Fazit: Das Parlament hat zwar die angebliche Möglichkeit einer Bürgerbeteiligung geschaffen, sie nimmt den Bürger aber nicht ernst. Der Bürger ist lediglich ein Statist in einem undurchsichtigen Spiel, dessen Verlauf nicht vorhersehbar ist. In diesem Verfahren hat der Bürger weder die Möglichkeit einer ernsthaften Diskussion noch das Recht darauf, im weiteren Verlauf angehört zu werden. Initiativen werden ungleich behandelt, das Verfahren ist in keiner Weise fair und nachvollziehbar. Österreich ist im Korruptionsindex deutlich abgerutscht, der Staat wird immer mehr als Selbstversorgungseinrichtung korrupter Politiker wahrgenommen, dem man als Bürger ohnmächtig gegenüber steht. Das rasche Abwürgen dieses unliebsamen Themas und der Ablauf der Initiative haben diesen Eindruck verstärkt.

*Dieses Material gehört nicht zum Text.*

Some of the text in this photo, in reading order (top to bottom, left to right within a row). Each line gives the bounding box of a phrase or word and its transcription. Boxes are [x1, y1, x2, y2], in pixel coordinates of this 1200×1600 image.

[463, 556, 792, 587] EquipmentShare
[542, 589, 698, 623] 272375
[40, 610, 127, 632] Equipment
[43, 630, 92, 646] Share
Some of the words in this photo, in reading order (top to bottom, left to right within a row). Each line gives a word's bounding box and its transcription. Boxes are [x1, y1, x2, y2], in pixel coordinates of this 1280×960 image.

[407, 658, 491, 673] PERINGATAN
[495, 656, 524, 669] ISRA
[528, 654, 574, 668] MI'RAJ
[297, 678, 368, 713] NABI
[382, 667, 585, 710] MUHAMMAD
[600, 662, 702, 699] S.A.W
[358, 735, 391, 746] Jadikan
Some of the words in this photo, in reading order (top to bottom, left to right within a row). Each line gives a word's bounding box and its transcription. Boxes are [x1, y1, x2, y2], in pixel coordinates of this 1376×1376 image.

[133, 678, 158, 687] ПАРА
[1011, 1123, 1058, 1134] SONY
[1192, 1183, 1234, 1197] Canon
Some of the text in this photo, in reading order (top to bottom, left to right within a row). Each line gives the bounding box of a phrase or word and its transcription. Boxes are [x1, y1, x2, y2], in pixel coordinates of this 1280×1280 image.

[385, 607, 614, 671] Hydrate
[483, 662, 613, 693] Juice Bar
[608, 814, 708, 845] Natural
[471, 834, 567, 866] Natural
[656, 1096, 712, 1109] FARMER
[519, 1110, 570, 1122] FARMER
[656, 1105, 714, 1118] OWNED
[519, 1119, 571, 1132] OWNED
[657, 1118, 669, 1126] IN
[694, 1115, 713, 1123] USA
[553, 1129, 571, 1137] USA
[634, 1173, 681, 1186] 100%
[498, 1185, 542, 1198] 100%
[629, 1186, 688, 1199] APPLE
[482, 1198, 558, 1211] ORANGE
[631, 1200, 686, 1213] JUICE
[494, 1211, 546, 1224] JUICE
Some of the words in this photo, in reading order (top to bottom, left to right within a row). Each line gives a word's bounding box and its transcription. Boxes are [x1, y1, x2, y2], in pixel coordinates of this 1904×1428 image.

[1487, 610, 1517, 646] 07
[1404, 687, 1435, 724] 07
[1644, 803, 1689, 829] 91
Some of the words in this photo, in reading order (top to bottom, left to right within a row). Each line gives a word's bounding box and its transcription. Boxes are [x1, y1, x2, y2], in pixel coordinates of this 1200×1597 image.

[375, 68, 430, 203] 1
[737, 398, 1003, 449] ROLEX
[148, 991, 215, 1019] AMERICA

Aus dem Plenum wurde von der Nationalratssitzung am 30.1.2013 nur berichtet:
"Lohfeyer (SPÖ) befasste sich zudem mit der Bürgerinitiative Nr. 46 zum Thema Tabakprävention, in der vor allem ein besserer Schutz von Kindern und Jugendlichen gefordert wird."
"Abgeordnete Ursula HAUBNER (BZÖ) erinnerte daran, dass der Ausschuss für Petitionen und Bürgerinitiativen in den letzten Jahren intensiv weiterentwickelt und sehr viel Leben hineingebracht wurde. Nun müsse man aber einen Schritt weiter gehen und alle Hürden beseitigen, um ein modernes Petitionsrecht im Rahmen des geplanten Demokratiepakets auf die Beine zu stellen, forderte die BZÖ-Mandatarin. Ein wichtiger Punkt für sie wäre etwa die Abschaffung der notwendigen Unterschrift von Abgeordneten beim Einbringen von Petitionen. Außerdem wünschte sie sich das gesetzlich verankerte Rederecht des Erstunterzeichners sowie verbindliche Regelungen bezüglich der Zuweisung zu Fachausschüssen. Haubner brachte sodann noch einen Entschließungsantrag betreffend Ausarbeitung eines Aktionsplans zur Rauchprävention für Kinder und Jugendliche ein." Im letzten Satz des Protokolls heißt es dazu lakonisch: "Der Entschließungsantrag des BZÖ zum verbesserten Nichtraucherschutz von Kindern und Jugendlichen wurde mehrheitlich abgelehnt."
Wer soll solchen Politikern noch glauben, sie dächten an unsere Zukunft? Missbrauchen sie Kinder nur für ihre Phototermine und unsere Jugend für ihre Sonntagsreden, während sie eiskalte Geschäfte machen?